Dataset excerpts:
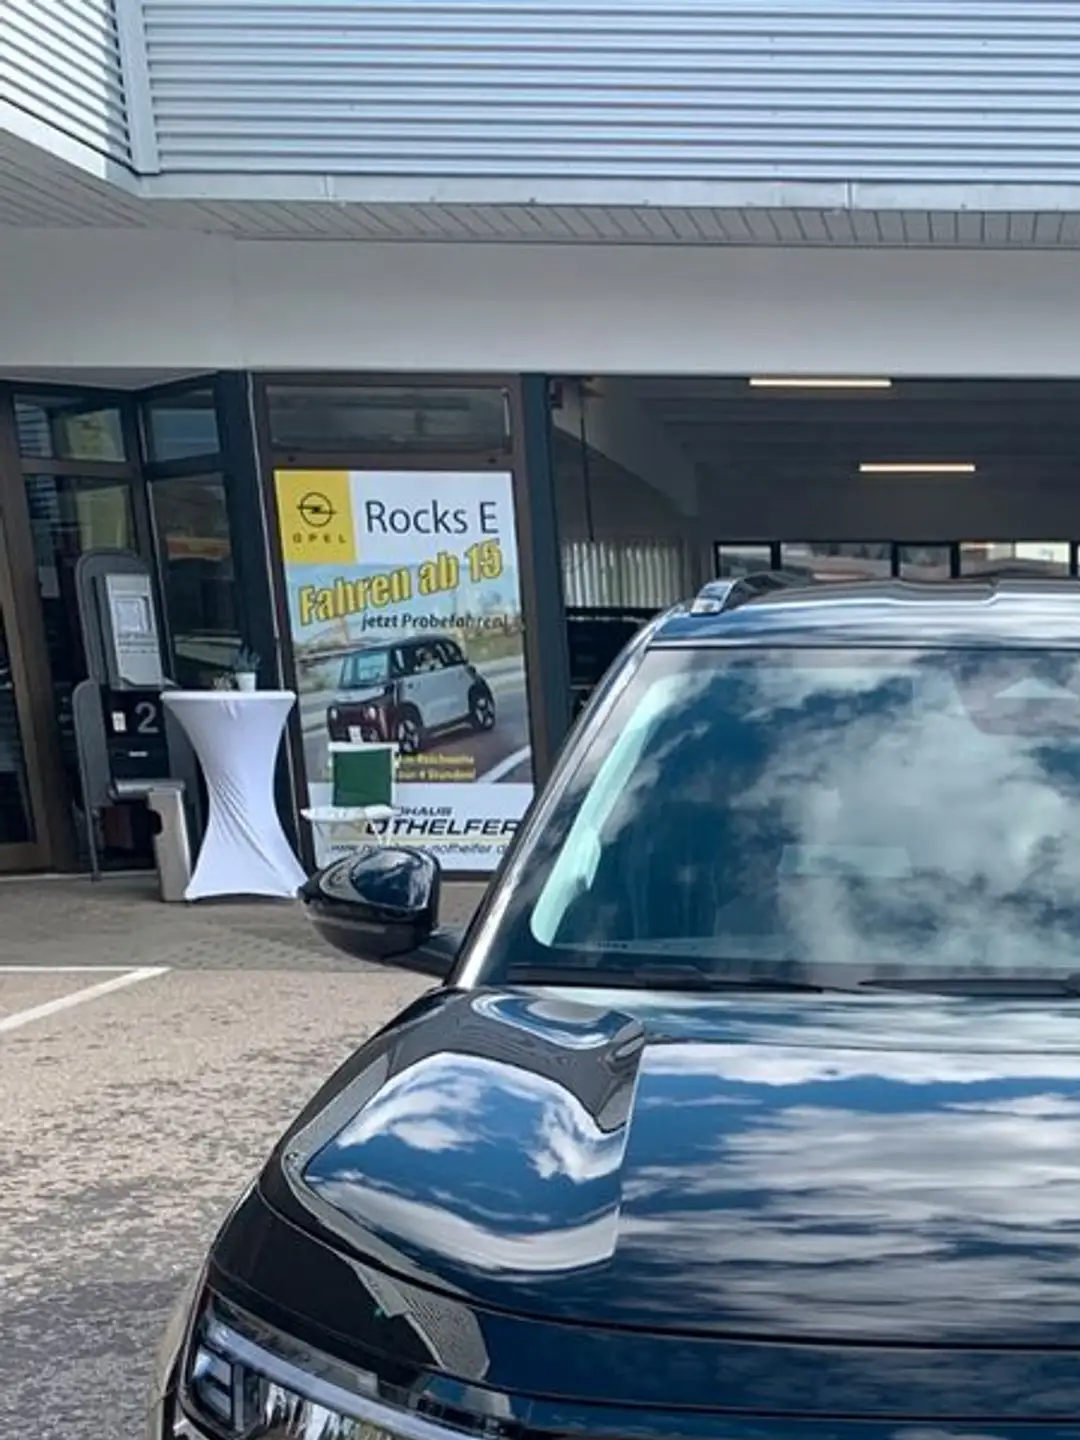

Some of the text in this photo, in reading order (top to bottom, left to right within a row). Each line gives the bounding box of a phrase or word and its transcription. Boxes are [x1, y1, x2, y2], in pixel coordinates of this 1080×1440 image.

[365, 500, 499, 534] Rocks E
[292, 533, 347, 543] OPEL
[299, 538, 503, 626] Fahren ab 15
[361, 612, 398, 631] jetzt
[135, 702, 159, 734] 2

**THE TASK**
The records above are to be retyped exactly, with every picture left out.

**REPLY TO THE TASK**
Some of the text in this photo, in reading order (top to bottom, left to right within a row). Each line gives the bounding box of a phrase or word and its transcription. Boxes are [x1, y1, x2, y2], in pixel coordinates of this 1080×1440 image.

[365, 500, 499, 534] Rocks E
[292, 533, 347, 543] OPEL
[299, 538, 503, 626] Fahren ab 15
[361, 612, 398, 631] jetzt
[135, 702, 159, 734] 2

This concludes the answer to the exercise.